Türkiye, AB doğrultusunda ilk önemli adımları 2001'de attı. İkinci dönüm noktası 2004-2005 yıllarında yapılan reformlardı. O tarihten sonra bir duraklama dönemi yaşansa da demokratikleşme adımları, bu kez "Demokratik Açılım"a dönüşerek kapsama alanını genişletti.
Böylece Kürt, Alevi, Ermeni ve Roman açılımlarıyla geçmişimizle yüzleşmenin önü açıldı.
Bu aslında bütün sorunlu alanları içine alan bir süreçti. Ancak bu sürecin sağlıklı yürümesi için çok önemli bir şart vardı.
Darbeleri, tarihin çöplüğüne göndermek...
Türkiye'nin yıllardır sorunlarını çözememesinin, dünyayla buluşamamasının en büyük nedeni "bürokratik devlet"i güçlü kılan darbeci zihniyetti.
12 Eylül Anayasası'nda onlarca değişikliğe rağmen bu darbe üreten yapı bir türlü ortadan kaldırılamadı.
Öyle olduğu için 2009 içinde bile İrticayla Mücadele Eylem Planı ve Kafes Eylem Planı ortaya çıktı.
Sivillere kızan, kafası bozulan askerlerin, iktidarı seçimle aşağı indiremeyen sivillerin ikide bir darbe planı yapmaları bundandı.
Böyle sık sık darbe üreten, arada bir muhtıra veren bir devletin yurttaşları da özgür ve zengin olmadığı gibi o devlet de bir "dünya devleti" olmazdı.
Artık buna bir son vermenin zamanı geldi. Türkiye toplumu bu noktaya geldiği gibi, küresel dünyanın küresel güçleri de böyle bir Türkiye'yle yol arkadaşlığı yapılamayacağını hissettirdi.
Bugün geldiğimiz noktada artık Türkiye darbe planlarıyla bir yere gidemeyeceğini gördü.
Şimdi bunu yasal güvenceye bağlayacak, bir daha bırakın darbe planları yapmayı, darbeyi aklından geçirtmeyecek bir yol aranıyor.
Bu yolu çok eleştirilen ve halen tartışılan 'Anayasa Değişikliği Paketi' açacak gibi görünüyor.
AK Parti tarafından hazırlanan mini 'Anayasa Değişikliği Paketi' yarın muhalefet partilerine verilecek.
Topyekûn Anayasa değişikliği bekleyenleri tatmin etmese de özgürlük alanlarını genişleten yeni sürecin ilk adımı olacak.

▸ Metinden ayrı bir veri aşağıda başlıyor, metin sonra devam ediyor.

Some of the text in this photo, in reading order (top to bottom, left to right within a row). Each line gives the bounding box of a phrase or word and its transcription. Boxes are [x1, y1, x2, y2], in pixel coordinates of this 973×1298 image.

HSYK'nın yapısı değişiyor. Ayrıca HSYK kararları ve Yüksek Askeri Şûra'nın ihraç kararlarının yargı denetimine açılması öngörülüyor.
Buna benzer birkaç önemli adım atılıyor ama en önemlisi hiç kuşkusuz darbeler tarihine son noktayı koyacak olması.

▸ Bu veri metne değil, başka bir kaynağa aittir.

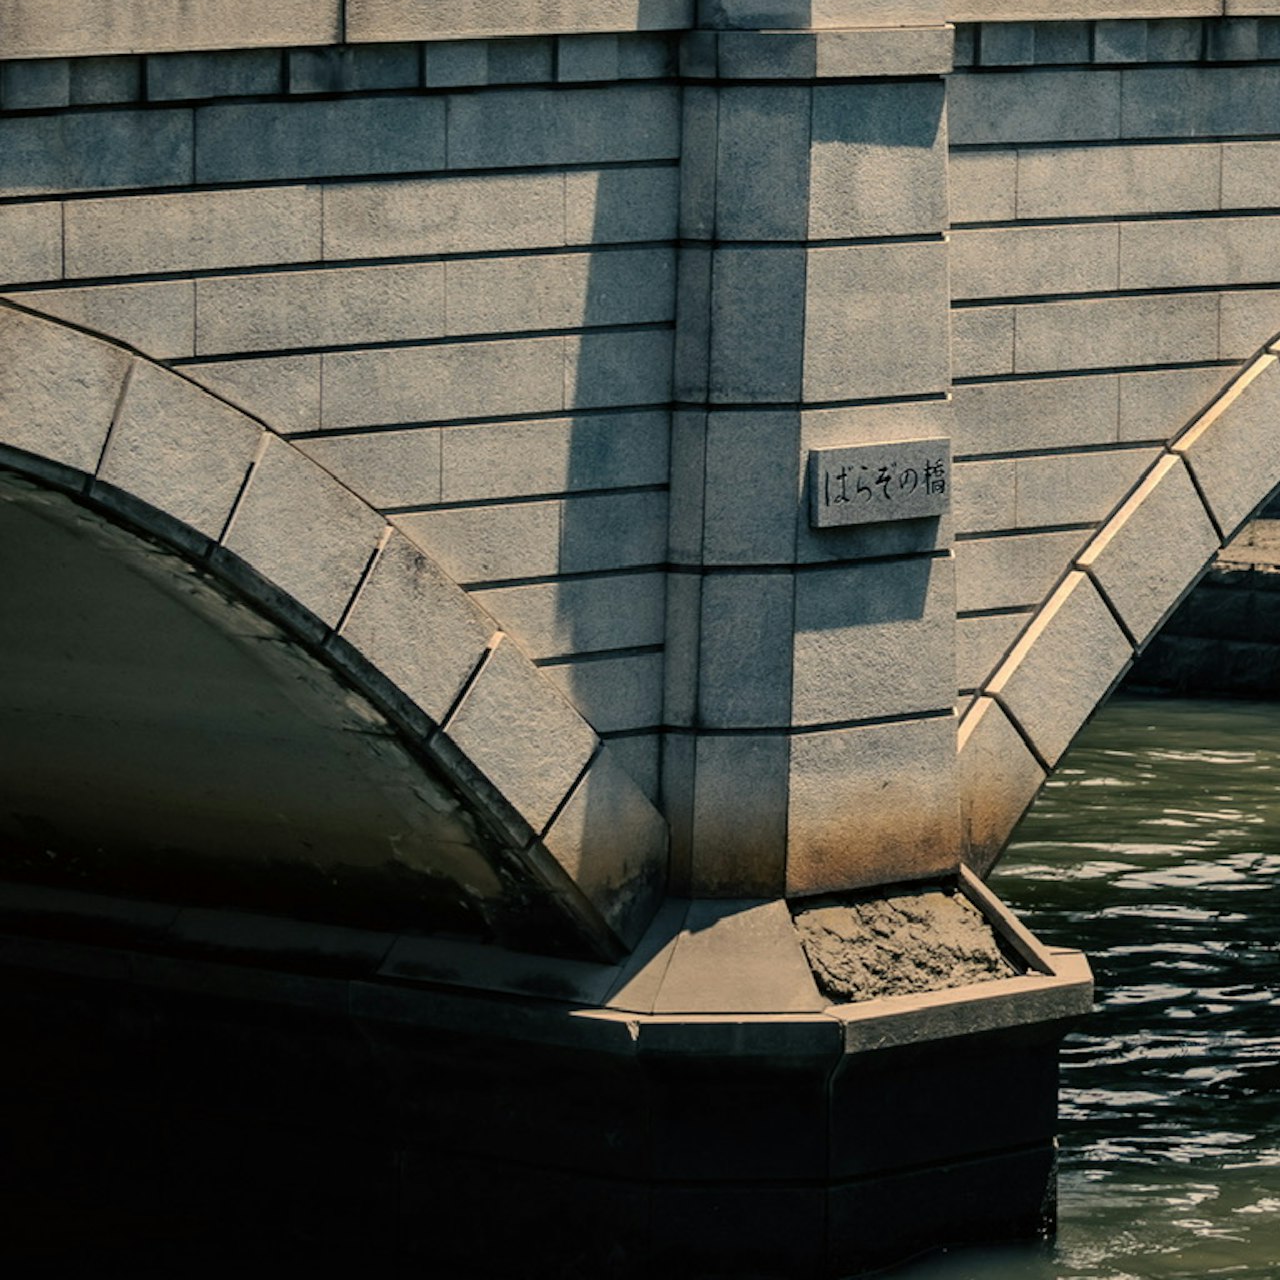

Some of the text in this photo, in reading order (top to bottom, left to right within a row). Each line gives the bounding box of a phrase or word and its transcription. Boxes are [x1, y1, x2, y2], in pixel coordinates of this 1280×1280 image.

Hukukçulara göre yargılanmaları zor görünse de nihayet 12 Eylül'ü yapanlara yargı yolu açılacak.
Paketin içinde bu maddenin yer alması bazı kesimlerde "siyasi bir manevra" olarak niteleniyor.
Ancak bu sonucu değiştirmeyecek. Yıllardır 12 Eylül askeri diktatörlüğünün zulmünü yaşayan sol kesimin istediği yasal düzenleme nihayet halkın önüne geliyor.
Düzenleme 12 Eylülcülere uzanmakla kalmayacak, darbelerin tümüyle hesaplaşmanın da yolunu açacak.
Peki, CHP ve MHP ne yapacak?
Bu noktada CHP'nin tavrı çok daha önemli... Özellikle son yıllarda Ergenekon sürecine karşı ısrarla "Darbelerle yüzleşmek istiyorsanız önce 12 Eylül'le yüzleşelim" diyen CHP'nin tavrı gelecek siyasi pozisyonunu da etkileyecek. AK Parti iktidardayken referanduma giderek riske girerken, CHP de kendi savunduğu şeylere karşı çıkarak çok daha büyük bir risk üstleniyor.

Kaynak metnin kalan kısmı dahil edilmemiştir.